Other companies working on digital immunity certificates include British start-ups Onfido and Yoti, and Germany’s IDNow.

But many scientists aren’t convinced these passports will work in practice.

“I don’t think immunity passports are really a way forward,” Dr. Simon Clarke, a microbiologist at the University of Reading, told CNBC. “They’re a great idea but I don’t think they stand up to scrutiny.”

Worrying about antibodies is a bit like worrying that the wind section is playing loud enough and not the whole orchestra.

Dr. Simon Clarke

associate professor in cellular microbiology at the University of Reading

The World Health Organization has urged governments not to go down the path of handing out immunity passports — physical or digital — due to doubts about the extent to which antibody tests confer immunity.

“I think we’re way off knowing for sure what makes somebody immune,” said Clarke. Using the analogy of an orchestra, he added: “Worrying about antibodies is a bit like worrying that the wind section is playing loud enough and not the whole orchestra.”

Antibodies aren’t the “be all and end all” of immunity and can take “a few days to a couple of weeks” to develop, Clarke said, adding there are other factors that need to be considered, such as virus-killing T cells.

Are immunity passports ethical?

“We’re doing our best to stop people getting it so they don’t spread it,” Clarke said, adding immunity passports could “lead to people falsifying their antibody tests.”

A recent report by artificial intelligence research group the Ada Lovelace Institute warned that immunity passports “pose extremely high risks in terms of social cohesion, discrimniation, exclusion and vulnerability.”

While the TransferWise team concedes immunity passports aren’t a “perfect solution,” Harsh Sinha, the firm’s chief technology officer, says it’s an “iterative” approach that can evolve with the science on coronavirus immunity.

“The reality today is that, whether we have data and this information on immunity or not, states in the U.S. or countries in Europe and Asia are opening,” Sinha told CNBC.

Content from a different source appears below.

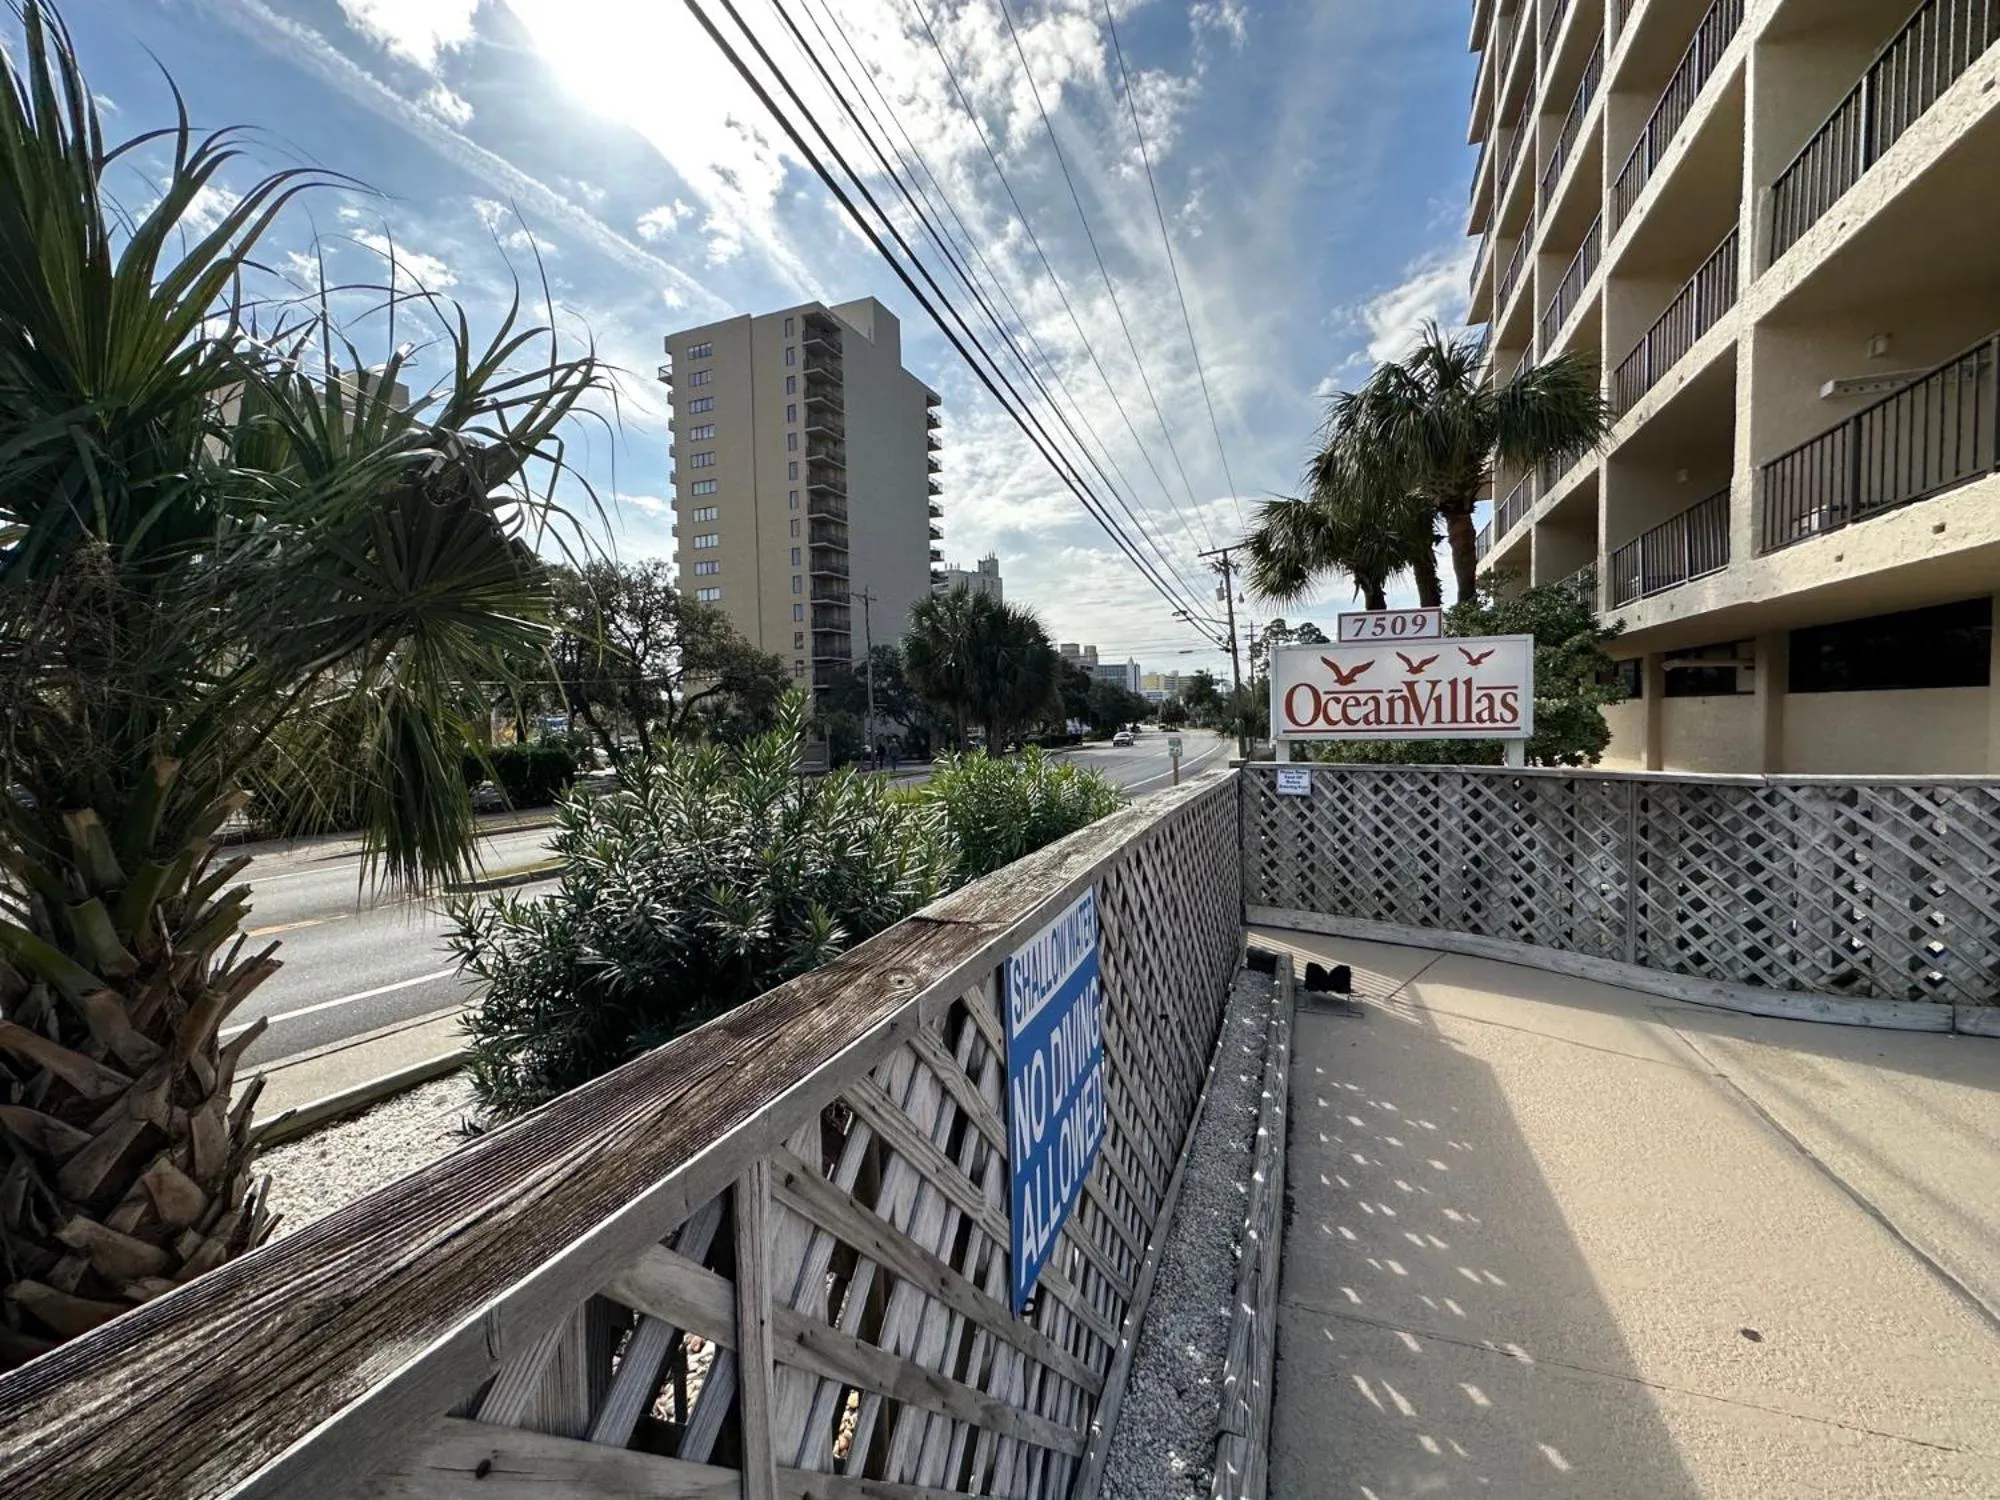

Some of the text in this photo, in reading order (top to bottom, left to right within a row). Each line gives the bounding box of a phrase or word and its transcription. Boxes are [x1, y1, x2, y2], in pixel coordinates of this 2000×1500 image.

[1352, 614, 1428, 638] 7509
[1013, 917, 1067, 1024] SHALLOW
[1013, 975, 1100, 1175] NO DIVING
[1020, 1062, 1101, 1289] ALLOWED

“Without data, it’s a much bigger risk than if you have been tested and you control who can see your test results and have a system that allows you to disclose that information.”

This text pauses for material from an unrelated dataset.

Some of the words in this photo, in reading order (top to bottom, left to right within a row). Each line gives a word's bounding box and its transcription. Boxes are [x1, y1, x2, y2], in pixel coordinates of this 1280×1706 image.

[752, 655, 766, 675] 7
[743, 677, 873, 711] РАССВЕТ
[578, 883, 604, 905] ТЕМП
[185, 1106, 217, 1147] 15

And the firm is prepared to “move on” if it turns out that antibody tests don’t confer immunity, according to Hinrikus: “We all know this is a possible outcome.”

Privacy concerns

Onfido, whose software verifies people’s identities by matching a selfie with a government-issued ID card, is working with German hotel booking app Sidehide on integrating its technology so that guests can present a unique QR code to prove they hold an immunity certificate. 

Onfido’s software in action.

Onfido

The company has held talks with the U.S. government about introducing immunity passports and was approached by the U.K. Parliament’s Science and Technology Committee to submit a proposal to an inquiry on the use of tech to tackle global disease outbreaks.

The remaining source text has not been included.